A step-by-step guide to saving for an emergency fund@Model.headingtag)>
Posted on 2017-09-20
We all dream of having an emergency cash stash, but for many it stays just that – a dream. But, the truth is if your car needs major repairs or you are laid off at work, a financial buffer could keep you afloat and give you the space to get back on your feet without going into debt. If you are barely scraping by from month to month, then an emergency savings fund is particularly important and should be your number one savings priority.
What is an emergency fund?
It’s cash you have saved to help you continue your normal life through any emergency that you might experience. You shouldn’t touch these emergency savings. The money just sits, earning interest, until you actually need it.
Sound like something you need in your life? We think so… here are a few simple tips to get you going.
1. Draw up a simple budget of monthly income and expenses
If you don’t already have a budget, you might find it easier to download a simple budgeting app to help you get started.
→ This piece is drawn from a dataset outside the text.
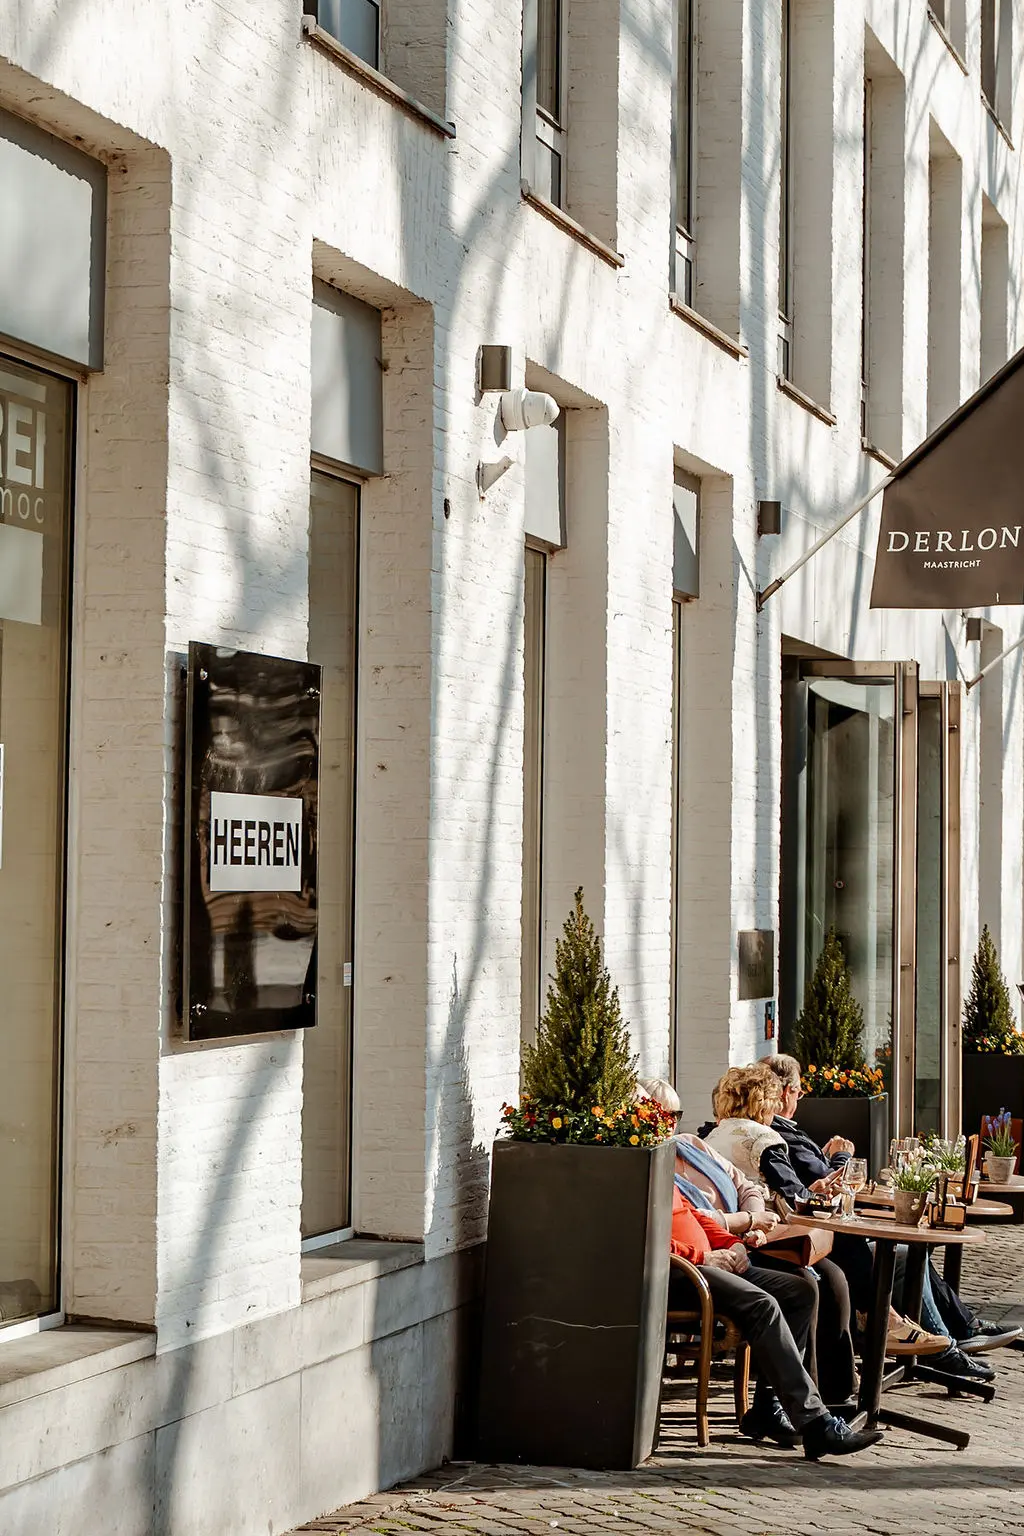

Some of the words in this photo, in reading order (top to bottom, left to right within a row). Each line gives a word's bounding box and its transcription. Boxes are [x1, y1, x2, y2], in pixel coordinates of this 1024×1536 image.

[886, 525, 1022, 552] DERLON
[923, 560, 981, 569] MAASTRICHT
[213, 818, 300, 867] HEEREN
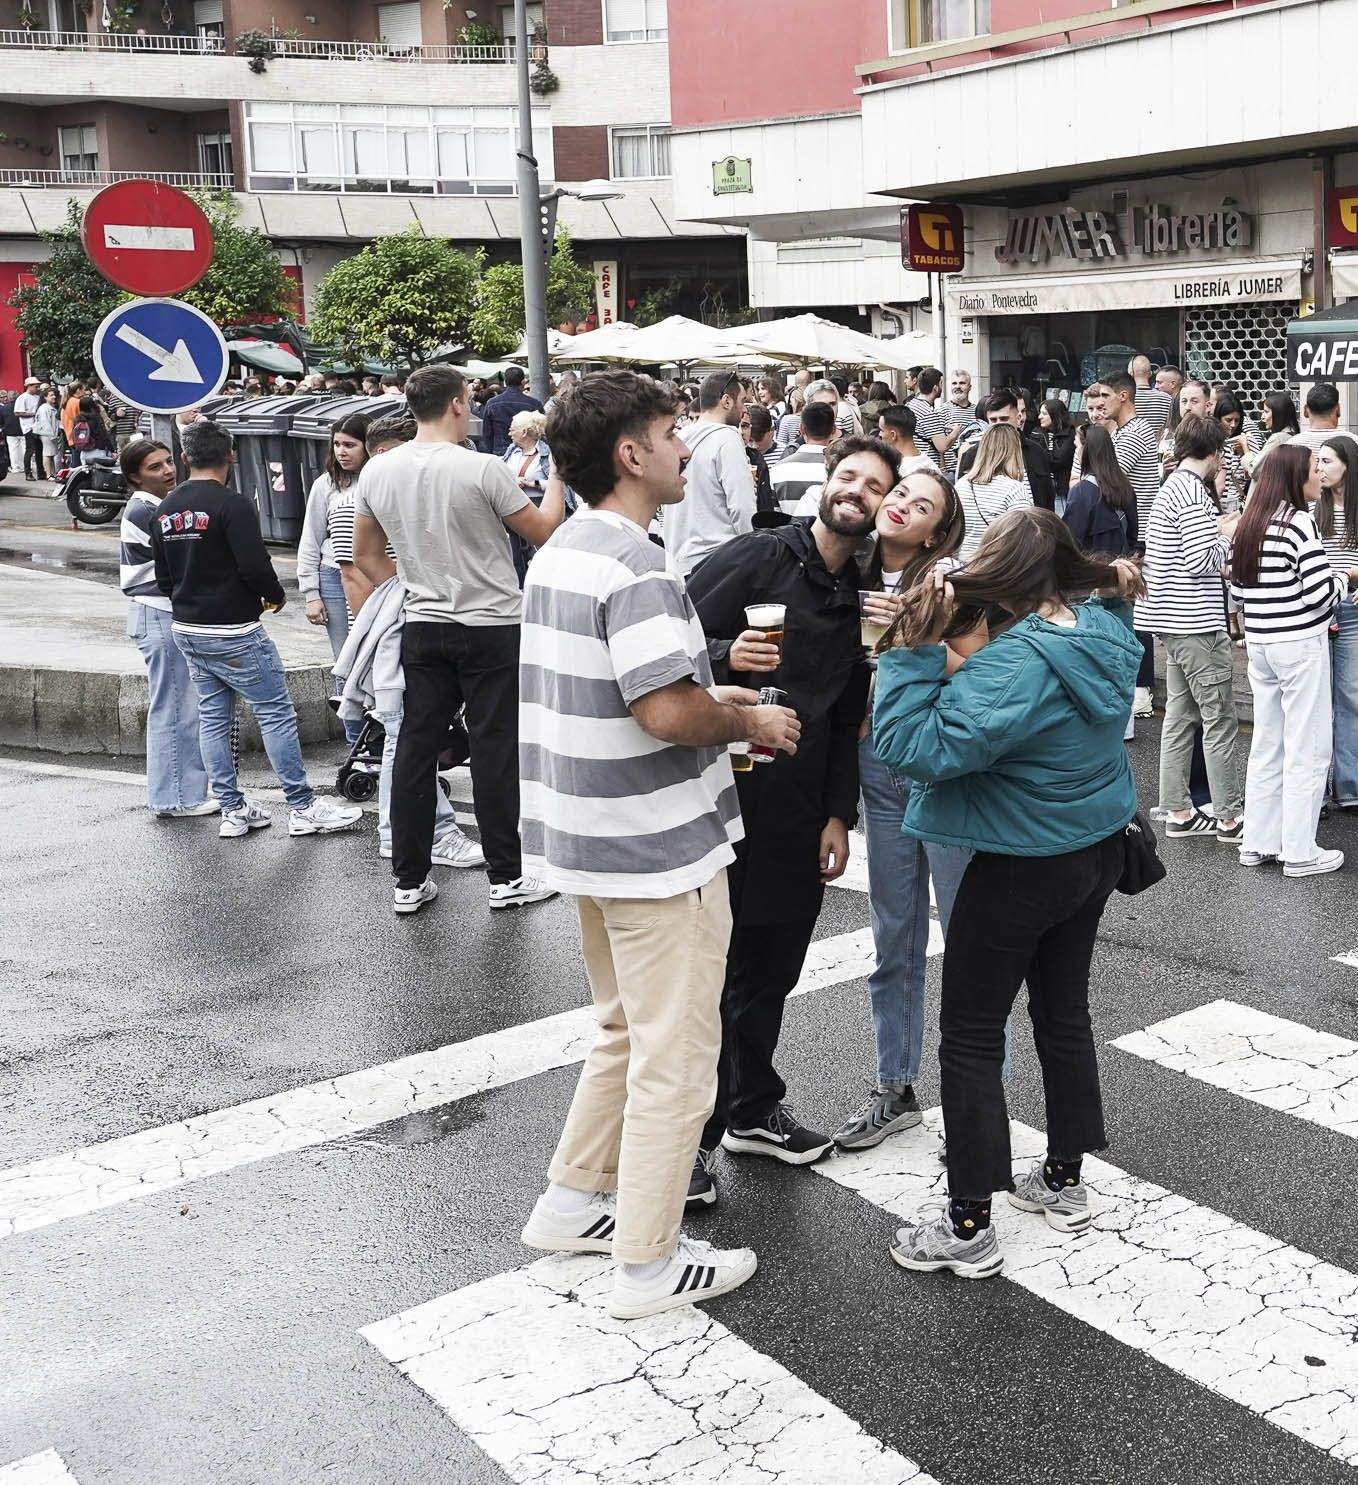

Track your spending, including fixed recurring monthly expenses and changing costs like eating out, movie tickets and clothing. Once you have a clear idea of how much you are spending vs how much you earn, you can set a figure to put into your emergency fund each month.
2. How big should your emergency savings fund be?
This depends on your personal circumstances, but ideally an emergency fund should cover three to six month’s living expenses. This might seem like an insurmountable amount to save, but just by putting aside R500 a week, for example, you have R2 000 in a month. Pack lunch for work instead of eating out, car pool, stick to a leaner grocery shopping list, check your bank statements closely and cut any unnecessary expenses – these are just some of the ways you can save that R500 a week.
3. Create a plan to start your emergency savings
So, you have a goal, you know how much you want in your emergency savings account, and now you just have to work out how you are going to get there. Set measureable, realistic targets – for example, set a goal for 6 months and commit to putting any extra money you might receive into the emergency fund for a set period.
4. Where should you put your emergency cash stash?
An emergency can happen at any time, so you need to have easy, quick access to the cash. A separate savings account, or a savings pocket attached to your account both provide easy access and are immediately retrievable. Just don’t be tempted to dip in!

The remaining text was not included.